Repertoires can be a fast and easy way to locate and to piece together a family, as long as you use them as a finding aid to the original. Repertoires are indexes to the Québec and American parish records for baptisms, marriages, and burials. They are most often created by people, uually members of a genealogy or historical society, who abstracted the important information from these records and arranged it alphabetically or chronologically before publishing it.

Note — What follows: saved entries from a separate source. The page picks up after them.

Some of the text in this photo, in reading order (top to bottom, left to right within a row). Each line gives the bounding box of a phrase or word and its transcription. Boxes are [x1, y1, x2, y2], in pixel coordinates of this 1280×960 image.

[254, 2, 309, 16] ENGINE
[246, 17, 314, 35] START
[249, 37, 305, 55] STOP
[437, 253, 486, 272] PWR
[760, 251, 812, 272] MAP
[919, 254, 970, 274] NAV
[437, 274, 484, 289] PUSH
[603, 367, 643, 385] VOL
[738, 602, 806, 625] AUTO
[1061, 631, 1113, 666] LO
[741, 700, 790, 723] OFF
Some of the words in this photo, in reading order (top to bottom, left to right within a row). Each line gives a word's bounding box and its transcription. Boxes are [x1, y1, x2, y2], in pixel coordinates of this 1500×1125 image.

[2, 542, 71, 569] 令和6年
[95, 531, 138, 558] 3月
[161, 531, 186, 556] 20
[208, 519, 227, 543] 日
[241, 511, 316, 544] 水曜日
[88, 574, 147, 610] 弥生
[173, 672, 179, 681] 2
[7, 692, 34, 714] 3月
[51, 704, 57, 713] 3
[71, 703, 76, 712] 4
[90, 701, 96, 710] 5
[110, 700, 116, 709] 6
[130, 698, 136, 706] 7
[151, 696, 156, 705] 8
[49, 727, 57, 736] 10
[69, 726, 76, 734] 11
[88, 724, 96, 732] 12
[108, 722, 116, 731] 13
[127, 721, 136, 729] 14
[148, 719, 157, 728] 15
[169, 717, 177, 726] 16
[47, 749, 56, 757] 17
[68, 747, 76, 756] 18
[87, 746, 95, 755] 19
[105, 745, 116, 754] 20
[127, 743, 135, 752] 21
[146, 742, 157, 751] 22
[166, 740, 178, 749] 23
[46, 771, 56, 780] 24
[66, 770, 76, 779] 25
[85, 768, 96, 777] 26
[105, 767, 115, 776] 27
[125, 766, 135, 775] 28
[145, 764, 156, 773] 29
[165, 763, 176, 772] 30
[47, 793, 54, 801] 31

- Includes one parish, or several combined
- May include a census
- May include marginal annotations
- May include a history of the parish
- List of abbreviations (COPY!!!)
- Source citation and copyright information
- Method used to record dates
- Is year on every page?
- Names of bride and groom
- Date and place of marriage
- Names of parents
- Residence of spouse or parents
- Previous spouse
- Had bride or groom reached age of majority?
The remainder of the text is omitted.